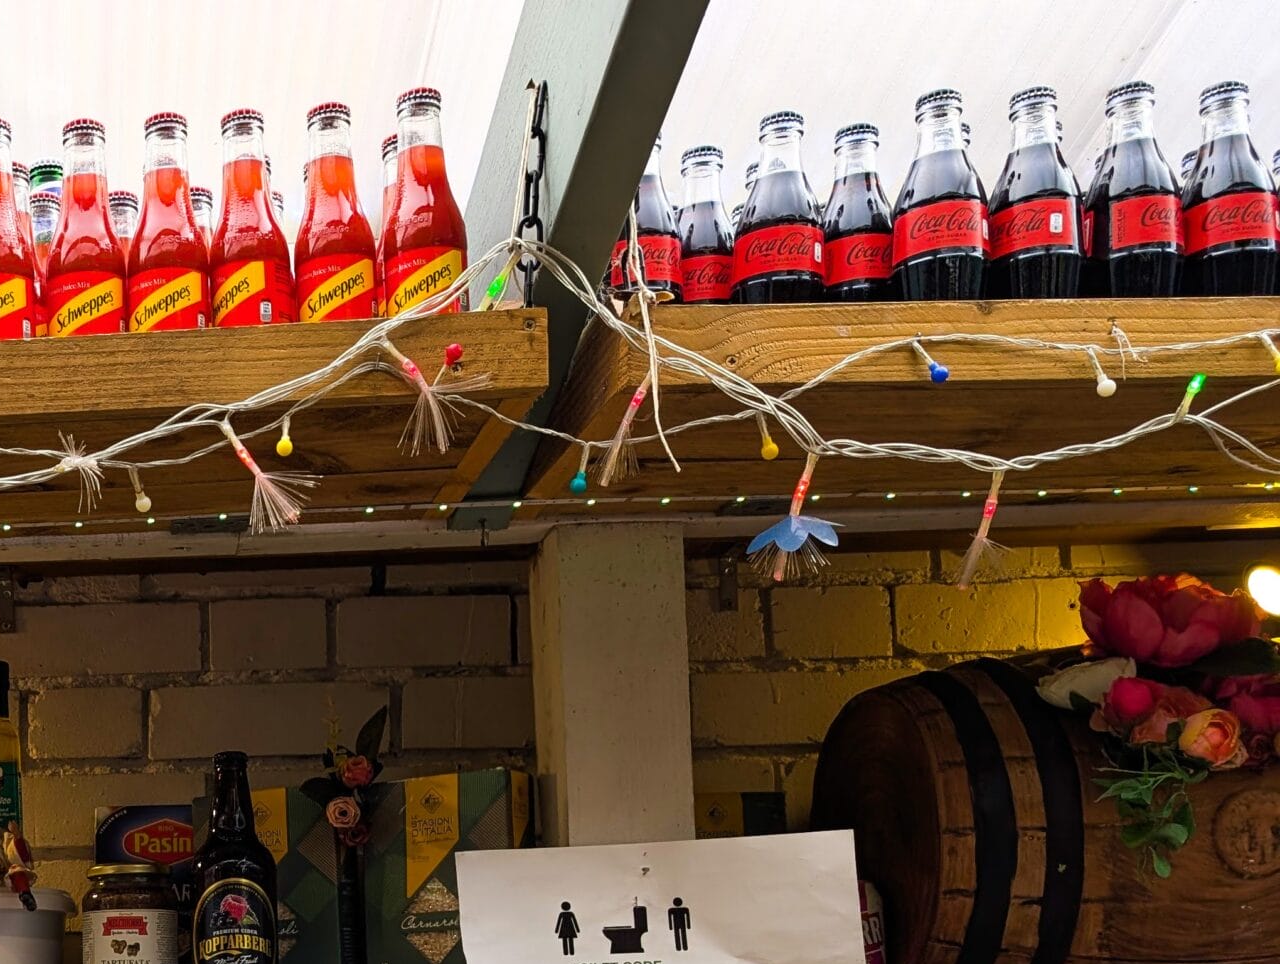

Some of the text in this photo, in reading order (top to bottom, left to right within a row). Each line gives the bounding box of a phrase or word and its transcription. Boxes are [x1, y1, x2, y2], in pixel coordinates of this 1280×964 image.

[745, 232, 812, 264] Coca-Cola
[135, 285, 191, 330] Schweppes
[213, 277, 249, 315] weppes
[308, 272, 365, 318] Schweppes
[394, 263, 451, 314] Schweppes
[57, 290, 114, 333] Schweppes

━━━━━━━━━━━━━━━━━━━━

• **Exercise instructions**: Pictures stay out of the answer; the rest of the listing above is returned exactly.

• **Exercise response**:
Some of the text in this photo, in reading order (top to bottom, left to right within a row). Each line gives the bounding box of a phrase or word and its transcription. Boxes are [x1, y1, x2, y2], in pixel coordinates of this 1280×964 image.

[745, 232, 812, 264] Coca-Cola
[135, 285, 191, 330] Schweppes
[213, 277, 249, 315] weppes
[308, 272, 365, 318] Schweppes
[394, 263, 451, 314] Schweppes
[57, 290, 114, 333] Schweppes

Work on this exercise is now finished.